"No can argue with the fact that a brand is market-driven. Then, how is it that you still haven’t asked yourself whether you should be discussing corporate social responsibility?"
This is how former CEO and current Chairman of Ogilvy & Mather Shelly Lazarus began her keynote at a recent Conference Board event for senior marketing executives. Her point: No brand can live outside its social context and philanthropy is no longer the way to say that you're good corporate citizens.
After an electric presentation by Zappos CEO Tony Hsieh on the role of company culture, Lazarus attempted to connect the audience of senior marketers with her side of the world: advertising and brand management. "The debate has moved on to engagement," she began, "Most companies today are not thinking in terms of 'doing good,' but how they can fulfill their end of the 'social contract.'"
For example, Lazarus continued, in 1960, 70 percent of consumers felt business acts responsibly. This sentiment fell to 30 percent in 1980, and today, that number is in the low teens.
And trust begins with your employees, she added. Of late, employee engagement, ownership and contribution have been a regular topic for discussion on this blog. Whether it was debating Netflix's unlimited vacation days policy, discussing the alignment between business and employee values, why corporate citizenship is a two-way street, or Cone's survey results highlighting that lack of employee engagement was hurting companies' bottom lines, employee engagement is an indispensable piece of any organization's success, and Lazarus agreed.
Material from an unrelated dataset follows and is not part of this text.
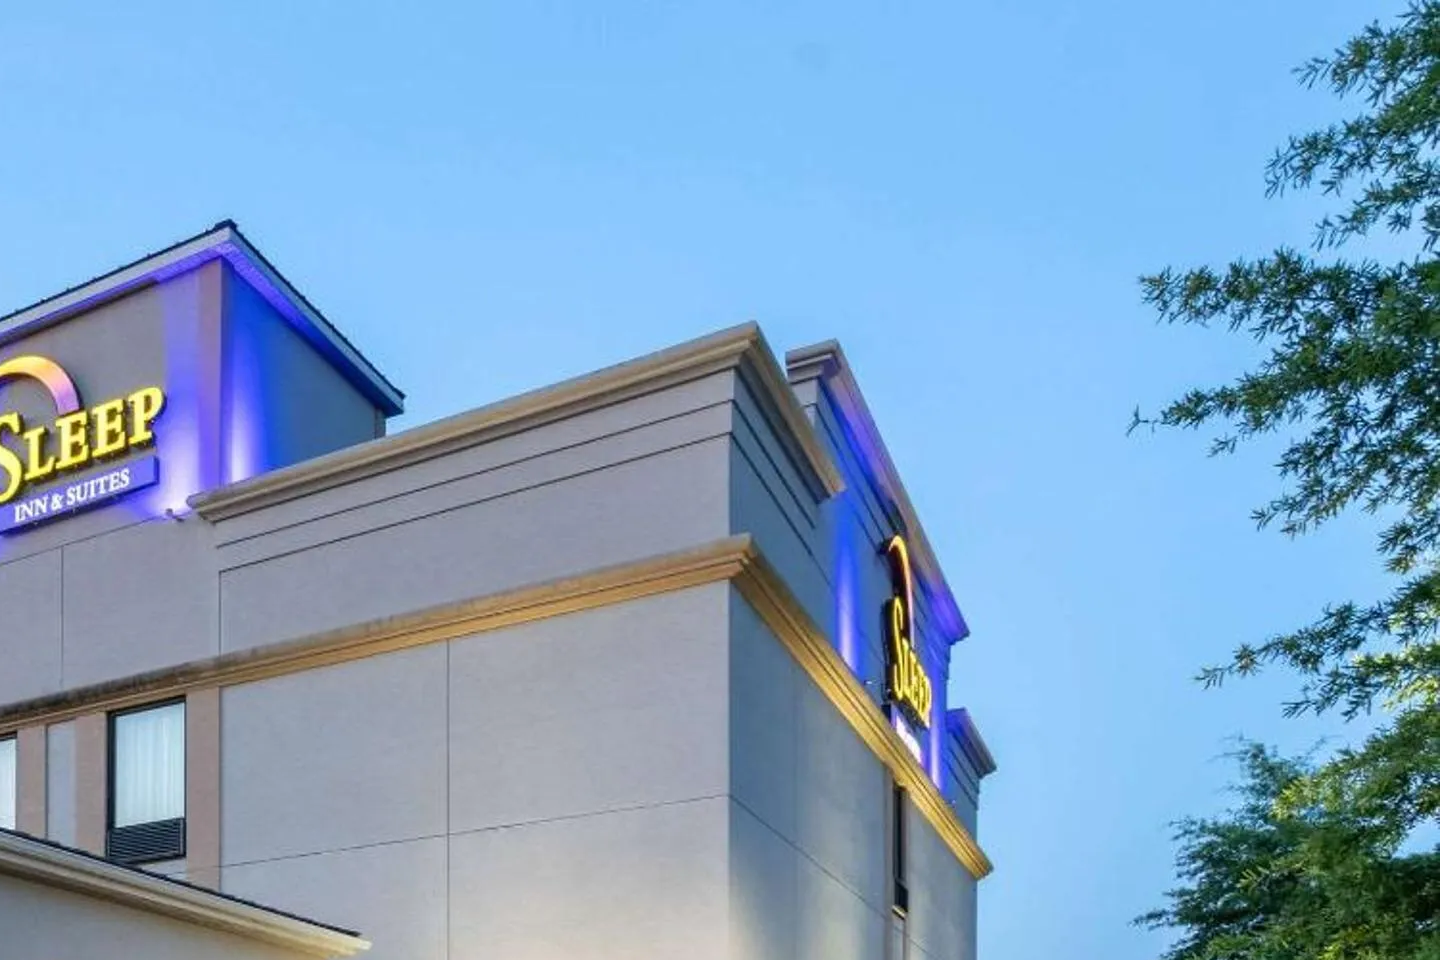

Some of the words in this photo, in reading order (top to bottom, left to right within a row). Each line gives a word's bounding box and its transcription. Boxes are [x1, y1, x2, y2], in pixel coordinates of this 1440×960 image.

[14, 494, 49, 523] INN
[51, 493, 64, 511] &
[66, 467, 131, 506] SUITES
Emphasizing that having an innovative and workforce must be a high priority for any organization, she observed, "To be viable, companies need to redo their framework and return to becoming trustworthy players. This is impossible without employee participation."
In the end, she left attendees with six key observations that could help align business strategy with social needs as well as restore brand recognition and trust in the marketplace:
1) Connect your brand with society
Ask yourself, what role does your brand play in society?
2) CSR is not a departmental function but a strategic mindset
CSR is not communications or marketing: It is about reflecting your core values. (Relevant: The PR Take on CSR)
3) Be real
Authenticity is crucial.
4) Find partners, collaborate
You don't have to go alone. Find good partnerships among the private and public sectors and go forward together.
5) Effective change must be driven by leadership
Any initiative or strategic change must be top-down to be successful. Make sure your leadership is completely in tow, otherwise, state the business case according to who you are talking to and get them all on the same page. (PricewaterhouseCoopers' Corporate Responsibility Leader Shannon Schuyler recently discussed this paradigm stating, "I had to accept that some people weren't going to come to the table or invest in this" and how for her, winning stakeholder trust was half the battle).
6) Employees are your best ambassadors
A company's internal audience is the sector that cares the most about your brand and corporate citizenship. Emphasizing that generation-Yers want to know that they are changing the world every day, Lazarus advised, "Gen-Y wants meaning in their careers, they want to be socially responsible. These programs then become their honor badges and your No. 1 retention tool. And they become your best believers and advertisers."
Now whether you call this new outlook at corporate social responsibility "enlightened self interest" as Lazarus puts it, or something else, corporate America is slowly waking up to a new reality in the marketplace, one that demands a holistic consciousness forgotten in recent years. And it's no longer about how to assign your advertising and marketing dollars but about setting a strategic direction that ensures the sustainability of your brand: for your consumers as well as employees.